Il faut dire que la mécanisation des processus de production (bien avant l’apparition des chaînes de montage, même si elles sont aujourd’hui également prises en compte) a entraîné la perte de l’apprentissage des métiers d’art.

William Morris, qui fut certainement le principal instigateur du mouvement, était un fabriquant de meubles et d’objets d’art qui décida de s’associer à une véritable confrérie d’artisans afin de mettre en production des artefacts qui redonnaient aux métiers d’art, manuels, une place de choix.
La grande idée était que l’art devait intervenir partout, en premier lieu dans la maison pour d’abord retravailler les objets usuels : vaisselle, argenterie, reliure, tapis, luminaires...idée fondatrice du design au sens contemporain. Les créations étaient réalisées soit sur commande en pièce unique, soit en petite série, diffusées dans les catalogues des magasins londoniens.
L’Arts & Crafts a été le premier à rapprocher les Beaux-Arts des arts appliqués mettant en avant le matériau,  la simplicité voire le dépouillement.
Ajourd’hui, ce schéma de pensée peut peut-être retrouvé une place plus légitime, en partie depuis que la mondialisation en exces est passé dans l’actualité et continu d’être remise en question.

D’autres exemples permettent de valorisé un travail à la main, et surtotu de repérer les différences qui s’opèrent entre travail manuel et travail mécanisé. Mrianne Brandt conçoit une théière (ci-dessus) en argent en 1924 vouée initialement à la production de masse, bien qu’elle soit entièrement fabriquée à la main en premier lieu. On repère facilement la présence de défault dans la version main tandis que la version industrialisée est rigoureusement parfaite dans la finition des formes et des assemblages.

Les économies qu’apportent la main
Les qualités de la main passent aussi par un principe d’économie générale. Elle comprend surtout une économie de moyens mais fait aussi appel à une économie des matériaux, des outils de production ou encore des formes dessinées. Cette économie apporte un impact environnemental réduit, et en parallèle un impact économique, entre autre sur le prix de vente du produit final.

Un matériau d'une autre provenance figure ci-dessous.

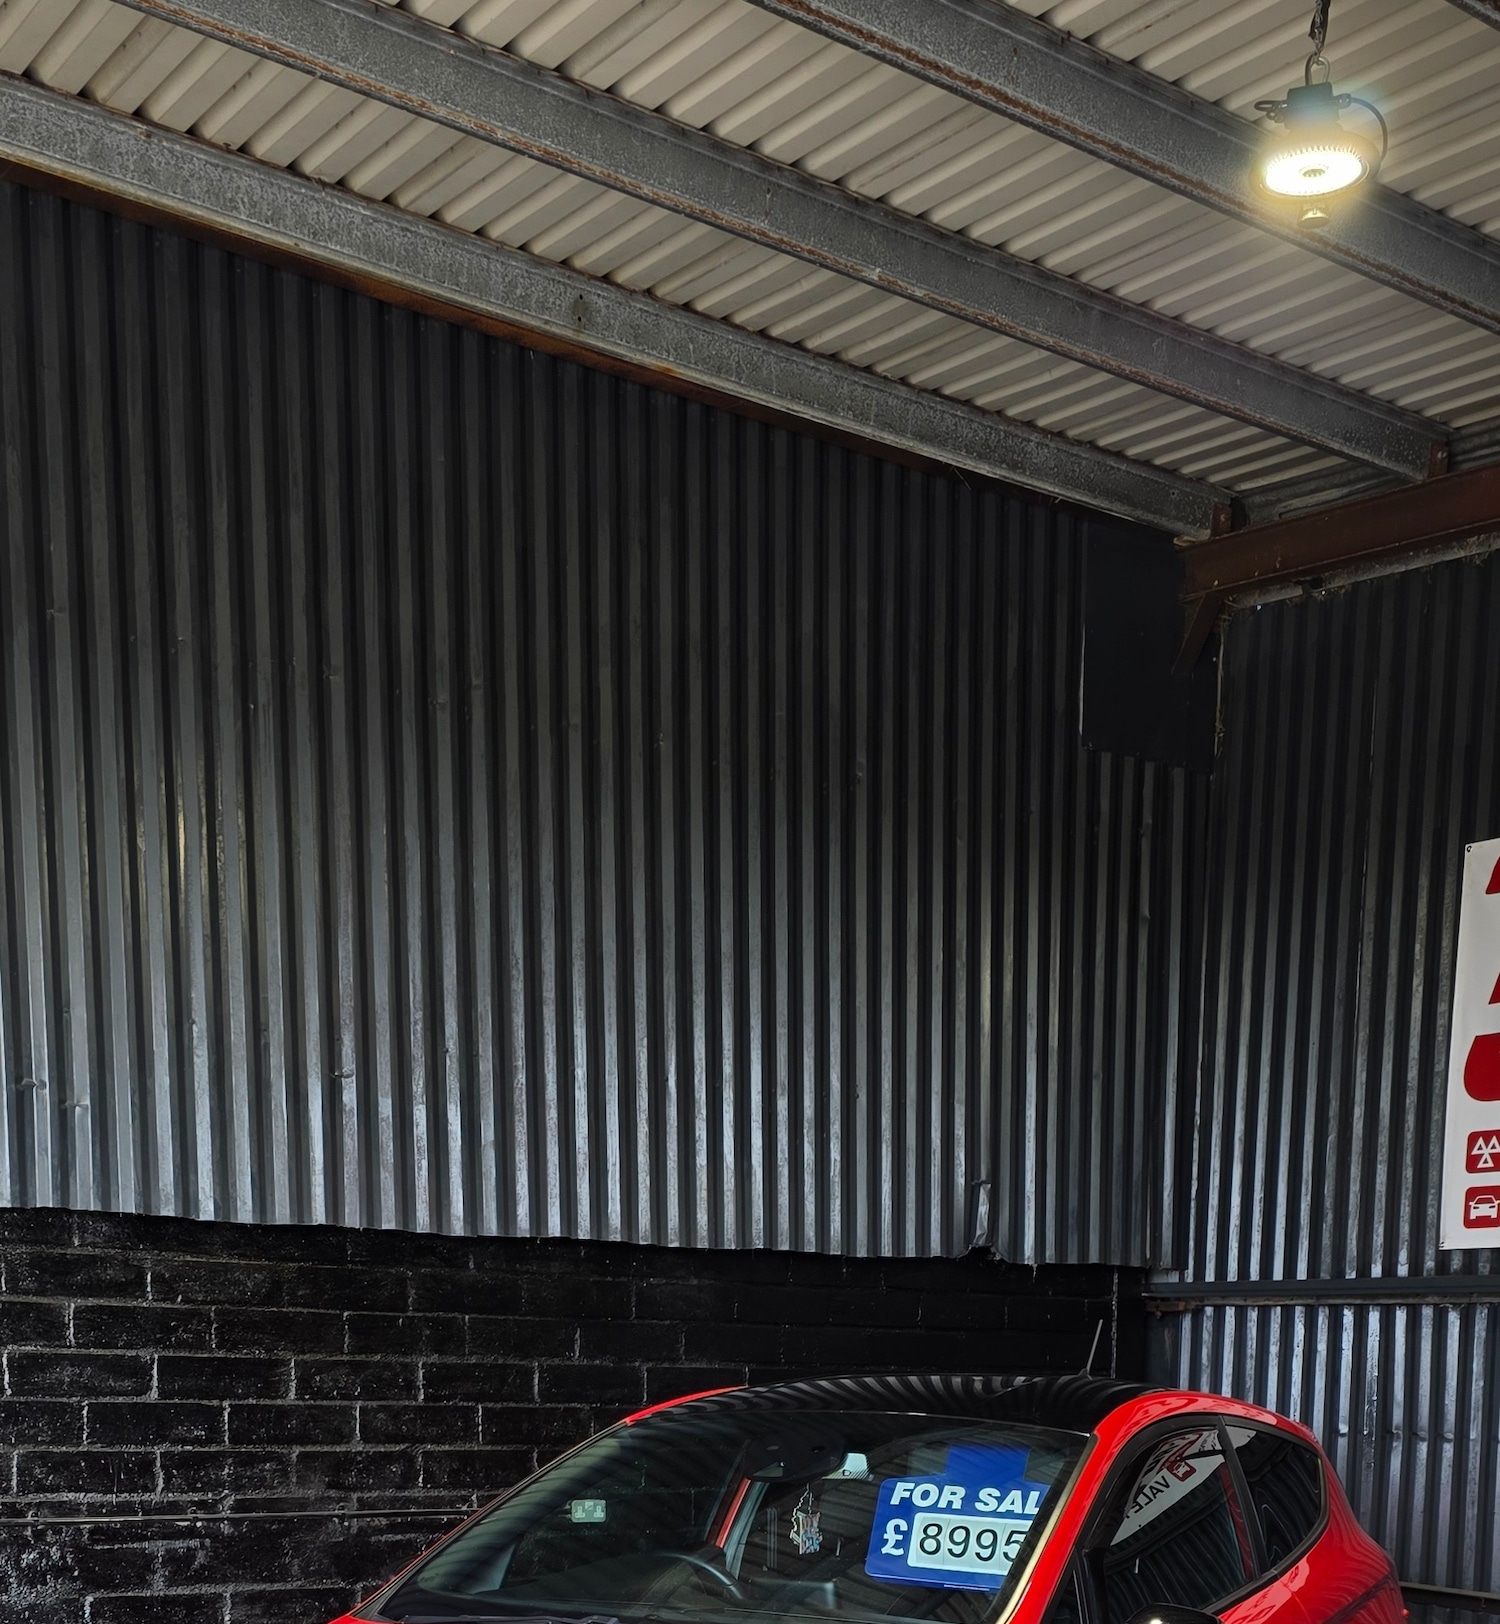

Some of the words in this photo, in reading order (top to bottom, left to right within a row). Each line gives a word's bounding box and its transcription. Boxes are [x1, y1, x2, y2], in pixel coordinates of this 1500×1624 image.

[890, 1482, 966, 1509] FOR
[881, 1518, 908, 1556] £
[919, 1523, 1029, 1562] 8995

Les sensibilités de la main

Travailler à la main apporte encore des notions de sensibilité, pas seulement imagée mais également tactile. Les projets sont plus aptes à évoquer une certaine sensualité, un véritable plaisir au toucher. Ce plaisir se partage aussi avec les yeux, dans le sens où un objet qui prend des caractéristique du travail à la main peut parraître plus agréable à regarder qu’un produit de la grande industrie.
La main, outil formidable dont dispose l’espèce humaine est douée d’une extraordinaire mobilité. Il n’y a pas d’outil plus maniable que ses propres mains, tout en souplesse et en finesse. Ajouté à la prouesse de l’outil, un savoir-faire inimitable par les machines, la main agit sur la matière en acceptant l’imperfection, les erreurs qui font d’un produit qu’il semble plus humain. 


Une même fonction mais des enjeux différents
Pour bien comprendre ce qui semble poser problème dans les productions d’aujourd’hui, il apparaît nécessaire de faire ressortir les différences entre des objets, dont la fonction est identique mais dont les modes de production diffèrent. Nous prendrons le cas d’un simple bol, un contenant basique dont la fonction est évidente pour tous, car c’est un objet quotidien universellement répandu. Les comparaisons se font entre un produit d’un artisan, face au même produit issu de l’industrie, et enfin un produit qui a fait l’objet d’un partenariat entre un designer, un artisan et une industrie.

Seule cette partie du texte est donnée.